I would like to cut 4.3.6 release this weekend.

>  > The model where one Jar equals OSGi bundle seems to completely defeat
>  > the whole point of using bundles in my opinion. For instance, in case
>  > HttpClient I see no point imposing a dependency on Commons Codec. The
>  > fact that HttpClient makes use of Commons Codec internally should be
>  > completely irrelevant to HttpClient consumers. OSGi enables us to bundle
>  > Base64 codecs of a specific version without imposing the same dependency
>  > on the end user.
> 
> There's certainly exceptions to every rule, but I think for the most 
> part, OSGi experts would disagree. And, I'm not really arguing about 
> this specific case ... perhaps you are doing the right thing for your 
> needs and the needs of most of your consumers in terms of "commons 
> Codec". But, as counter example, (again, for the general case) if there 
> happened to be a fix in "commons Codec" then consumers of http client 
> would have to wait to get the fix in 'client', until you decided to come 
> out with a new release, instead of getting the fix immediately when 
> "commons Codec" was released.
> 

This is no different from any bug in HC which may or may not deserve an
immediate release.

> An additional, traditional reason for "low level" (small bundles) 
> componitization, is that in large applications there may be a large 
> number of other bundles that use "commons Codec". If everyone used your 
> approach, then that large application would have multiple copies of 
> "commons Codec", in theory at different levels, which could lead to 
> problems -- if nothing else increasing the size of the large application.
> 

I find the application size argument really not convincing. Who these
days care about a few extra bytes of external storage even in the
context of mobile devices? It has no impact on the memory footprint of
the application, as unused classes never get loaded into memory.

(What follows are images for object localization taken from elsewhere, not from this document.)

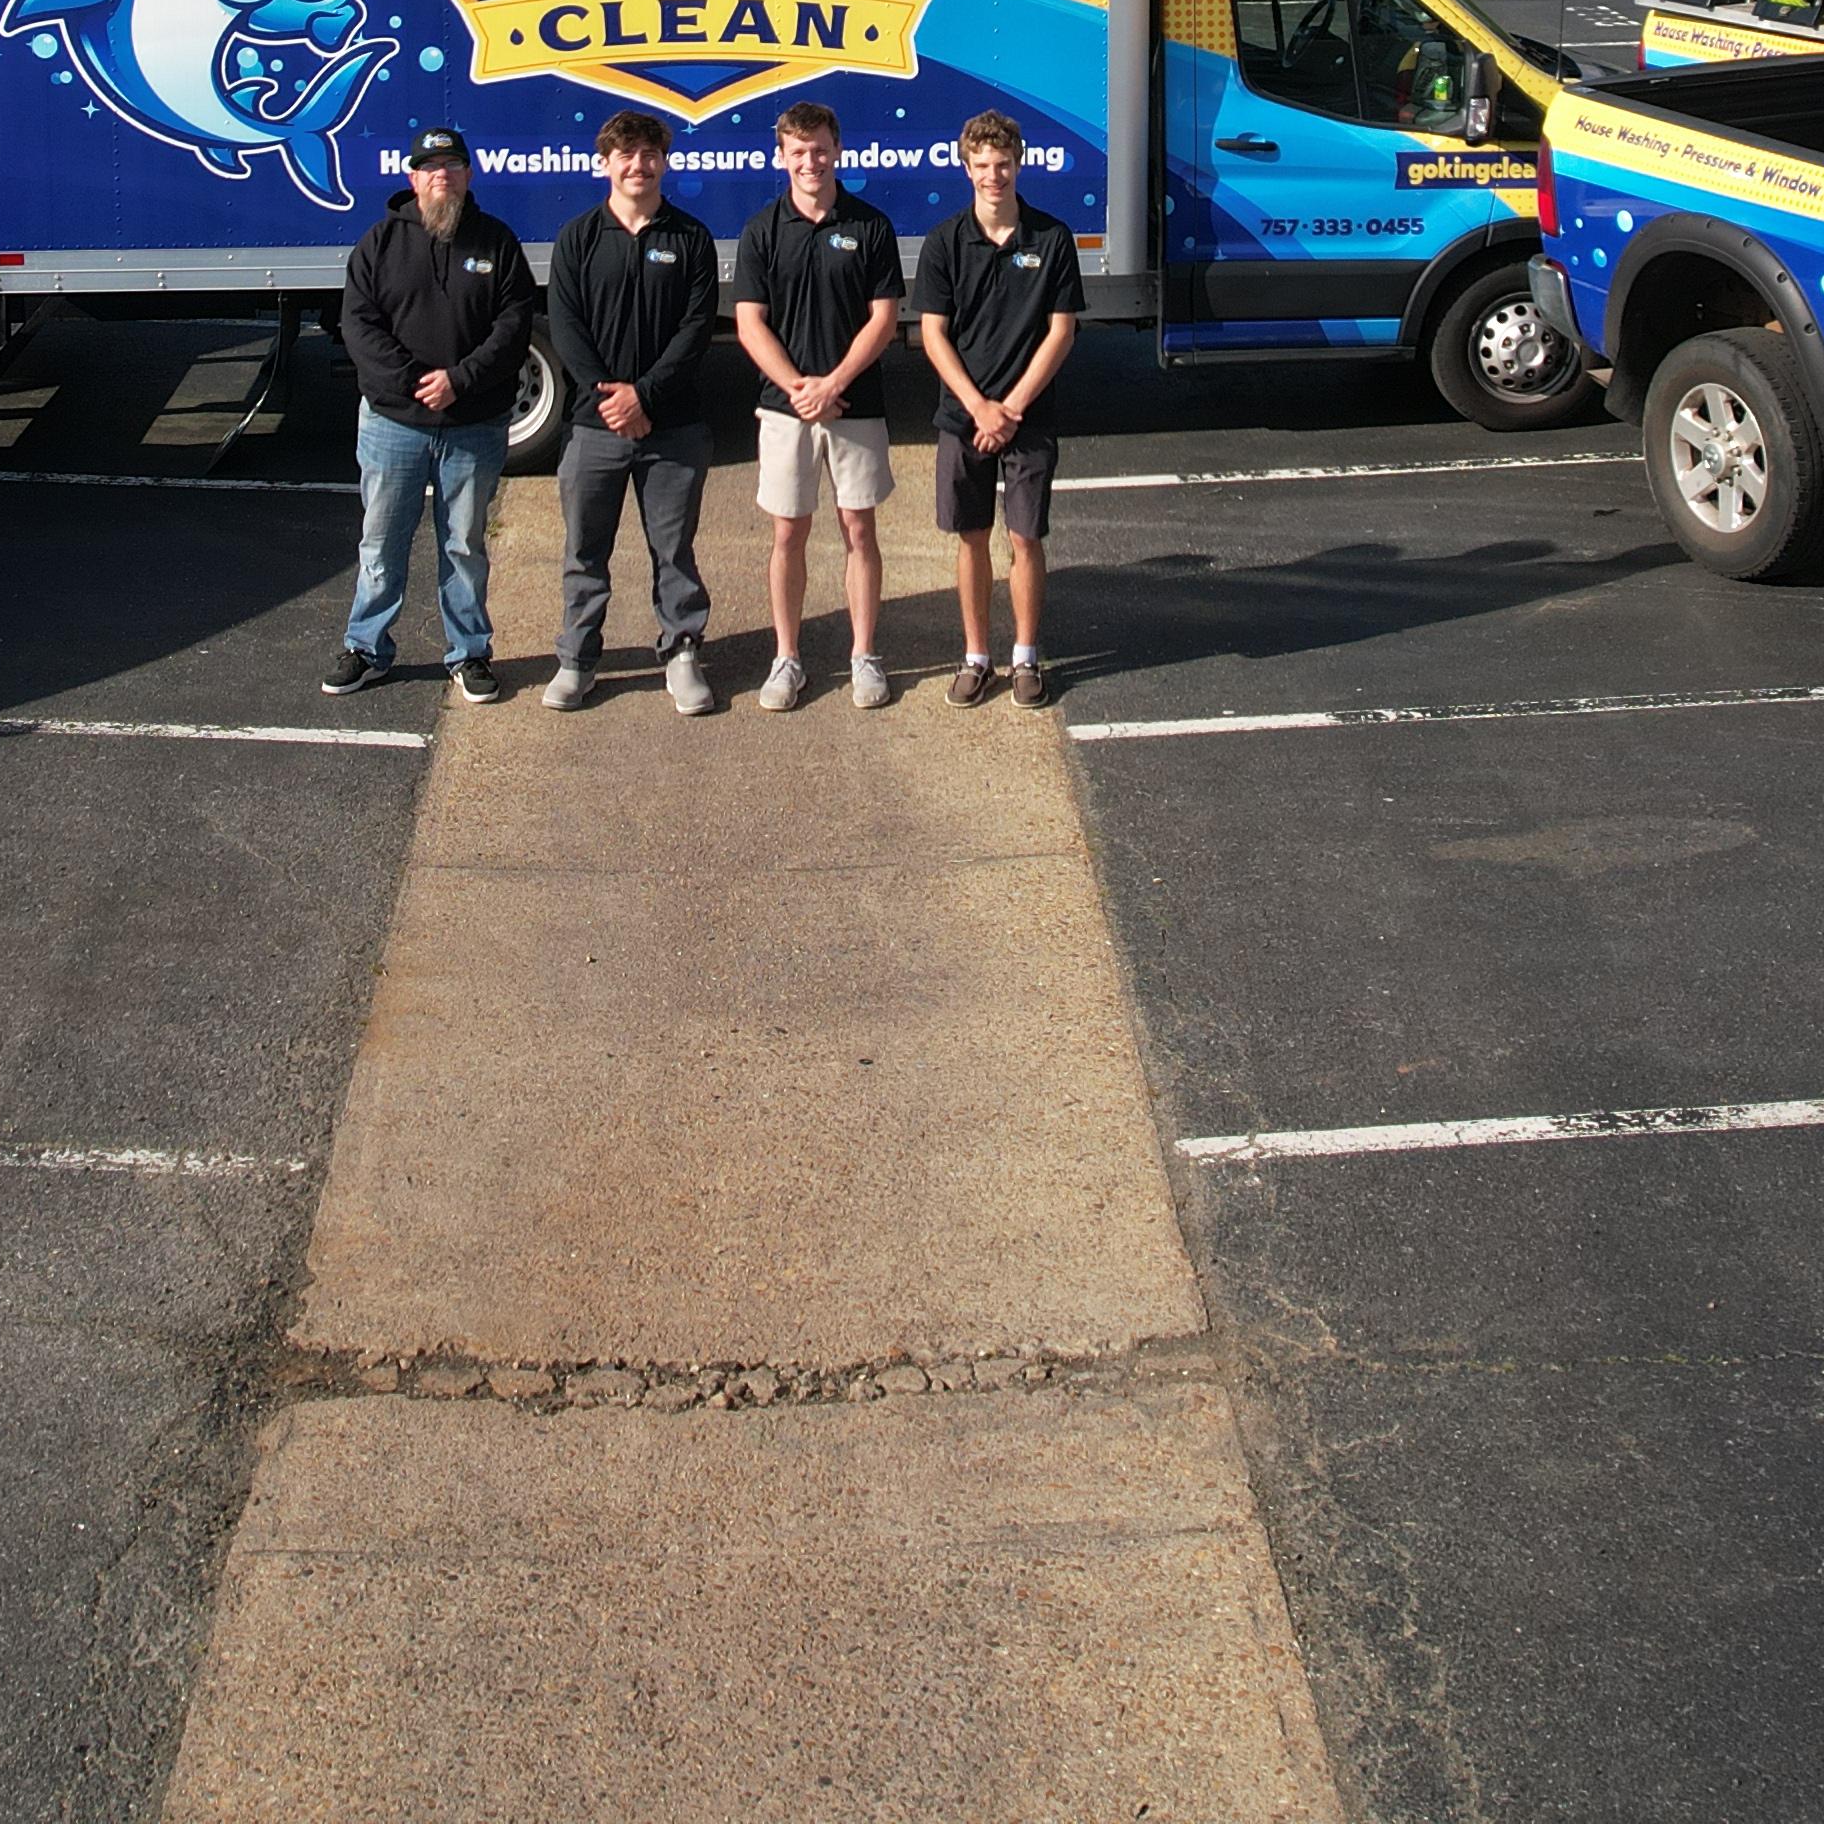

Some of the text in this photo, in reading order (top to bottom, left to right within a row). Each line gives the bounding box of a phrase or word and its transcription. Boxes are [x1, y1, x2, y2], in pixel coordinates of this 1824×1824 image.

[1654, 21, 1689, 42] House
[1691, 28, 1741, 58] Washing
[665, 148, 766, 172] essure
[929, 139, 1065, 172] Cling
[1407, 156, 1537, 185] gokingclea
[1575, 116, 1613, 139] House
[1617, 126, 1671, 158] Washing
[1681, 144, 1742, 175] Pressure
[1745, 162, 1756, 177] &
[1761, 165, 1821, 197] Window

> Plus, I'll point out, any modern build or provisioning system, whether 
> Eclipse p2, Maven, or OSGi BND (with OSGi repository indexes) makes the 
> dependency completely transparent to the user; if it is required, it is 
> retrieved, as long as it is in the repository. The user should never 
> have to know about it. Occasionally release engineers might need to know 
> details about it, depending on the level of detail they want for their 
> build reproducibility.
> 
> "Commons Codec" isn't the best "counter example", since it is small and 
> very stable, but ... the principle still applies. I think in general, if 
> there is a bundle provided by others (other projects, such as "commons 
> codec" and "commons logging", then those are clear cases you want to 
> simply "require" them (via import package, usually).
> 
> In some (advanced) cases, there might be reason to "break up" your own 
> bundles/jar more, such as "fluent" package is clearly an convenience 
> API, an "add on" to the core functionality, that some consumers 
> obviously want, but others might not. (Again, just using 'fluent' as an 
> example -- not saying you should change that or anything). Again, I was 
> most surprised that your "OSGi" version, had substantially different 
> content than your "plain jar" version.
> 
> Thanks again for your comments and explaining your point of view, and 
> listening to mine.
> 

Again, in my opinion 'one maven artifact equals one OSGi bundle'
principle makes OSGi almost useless compared to just using plain Maven
based application assemblies. However, you are very welcome to fork
HttpClient on GitHub, completely redesign existing OSGi bundles and
raise a PR. 

Just one remark: httpmime and hc-fluent modules are very likely to get
folded into httpclient module in 5.0. They are being kept separate in
4.x simply due to historical reasons. A separate OSGi bundle for the
caching module may be a good idea, though.